All of this means most of my friends with two kids can manage a grueling rec softball season, but I have to balance five kids desires against my desire to get some sort of sleep. All at the expense of any hobbies I might want. Which brings up the next point…

Number 3: Society constantly tells you to not have kids

Now, I won’t begrudge people their hobbies, just like I don’t begrudge people that make more money than me. Everyone makes choices, and having more kids is a choice. But I’d be a rich man if I had a nickel everytime someone offered me advice along the lines of “You know how birth control works right” ***insert snicker here***.

A more salty friend of mine once, in a group conversation, replied with “I do, and I know your wife does too!”, which was the most alpha-male verbal throat chop I’d seen in a while. But I digress.

It’s already hard enough to find alone time with your spouse as a Catholic who follows the Marquette Method. It sucks having doctors push birth control on you every. single. visit. It’s even more fun to have them tell you that NFP doesn’t work and that you’re stupid for doing it (their words, not mine). And it’s rare to have anyone respond to “I have five living kids” with “Wow, what a beautiful family,” when the more common response is one of disdain. Speaking of disdain…

Number 2: Companies making having kids hard

Car seats used to be thin. Now they are thrones. And you can’t fit three across without making a sacrifice to the car seat goddess. It’s so bad that it is a form of birth control. And before you chime in about “safety ratings,” I looked up the safety ratings of these thrones, and I found the changes between seats to be similar to how professors change chapters in a book to force students to buy new books. The ratings are getting a whole lot better compared to the real estate they consume.

Unless you can explain how adding 5 pounds of side force to an already high rating significantly affects the safety rating, I’m going to always say that car seat manufacturers hate large families. I’ve done the math, it doesn’t add up.

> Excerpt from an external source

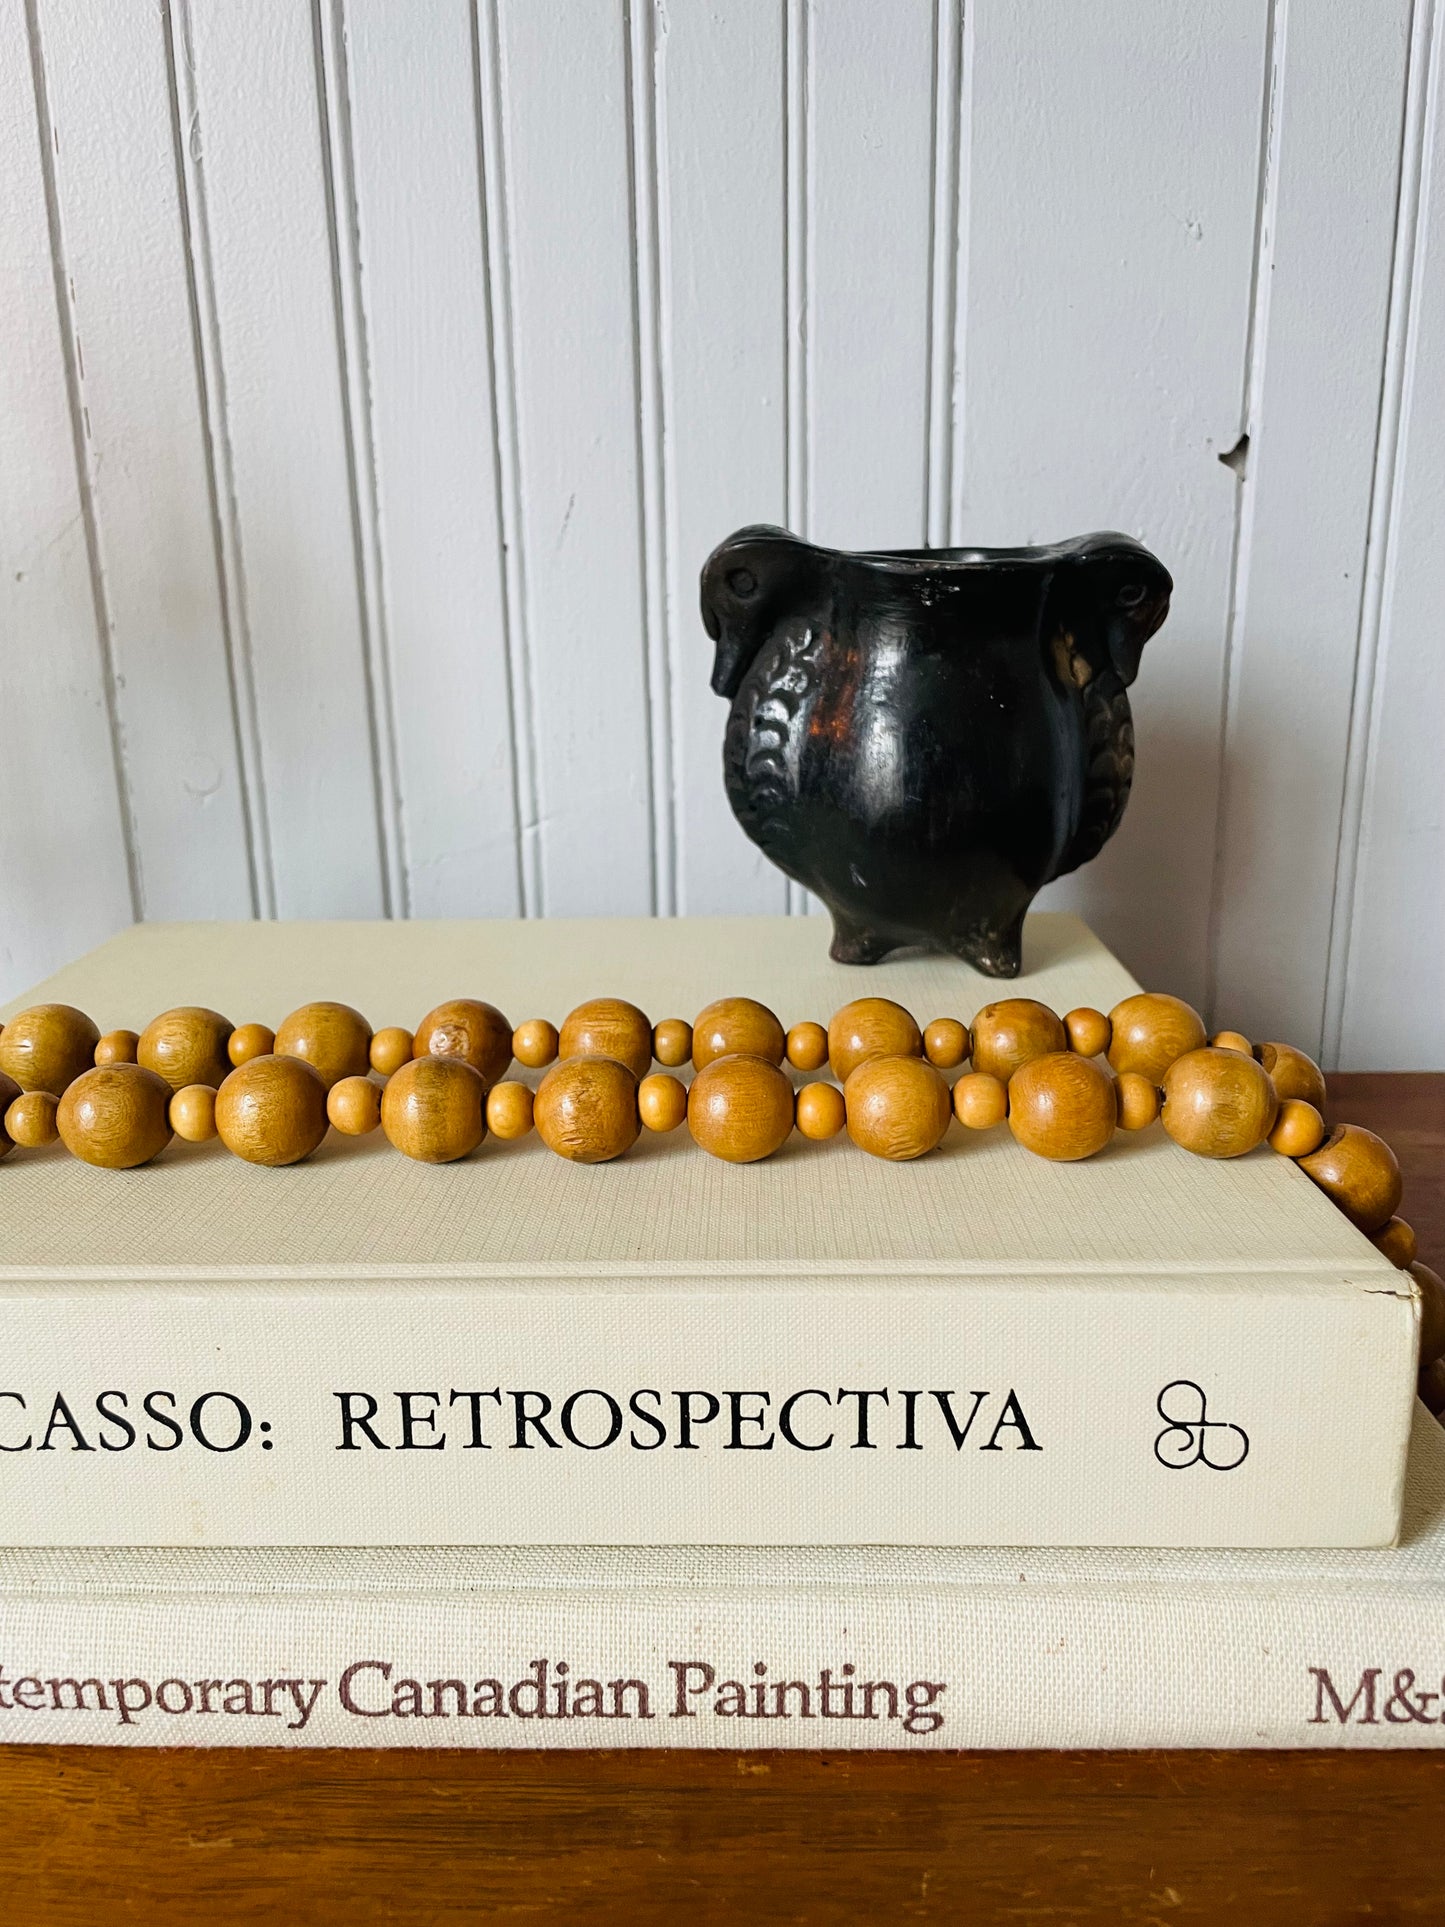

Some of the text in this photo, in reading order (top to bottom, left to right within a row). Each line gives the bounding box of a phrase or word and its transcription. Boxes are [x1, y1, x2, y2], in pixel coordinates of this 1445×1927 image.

Try eating out now…even McDonalds (which I don’t visit) is expensive. Now multiply it by 7. Try finding a home with enough bedrooms and fighting off investors to buy it, and definitely don’t tell your friends that your kids have to share a bedroom, because you’ll get looked at like some sort of monster. Or try fighting the little old lady HOA President that drives around your neighborhood and issues you tickets for your kids bikes in the front lawn.

Screw that lady…so glad I don’t live in a HOA…

Companies in general appeal to DINKs (Dual Income, No Kids), and if they do appeal to kids, they like you to have two. Anymore and you better be loaded. Which brings me to the last point…

Number 1: Society values work, not your family

If you say “I’m a homemaker” as a woman, you get looked down upon. Even if you manage five kids, which involves feeding them, balancing a checkbook, driving them everywhere, answering school emails and helping out on homework…somehow that isn’t “real work.” But you could sit in an office, drink coffee, chit chat with your office mates, and put in a whole 3 hours of work a day, and that’s “real work.”

Don’t worry though, like the Bobs, work will value you up to the point you are told your services are no longer required!

Face it, we stopped valuing stay-at-home parents a while back. We think they are lesser for picking their family over full-time paid employment.

And that’s the rub right there. When you create a toxic environment for people that have or want large families, you will get smaller families. The societal pressure permeates everything, far more than any financial incentive. Even if you got paid $20,000 a year per child, you’d be called a welfare rat for taking the money. It goes farther than even children, because when the point of getting married isn’t to raise kids, it makes it easy to simply “shack up,” which is why the current marriage rate is less than half that in 1976.

Until our society treats raising kids as a noble goal and worthy of the respect it deserves, we will continue to have declining birth rates among the majority of people that feel societal pressure.

This post represents the views of the author and not those of the Department of Defense, Department of the Navy, or any other government agency.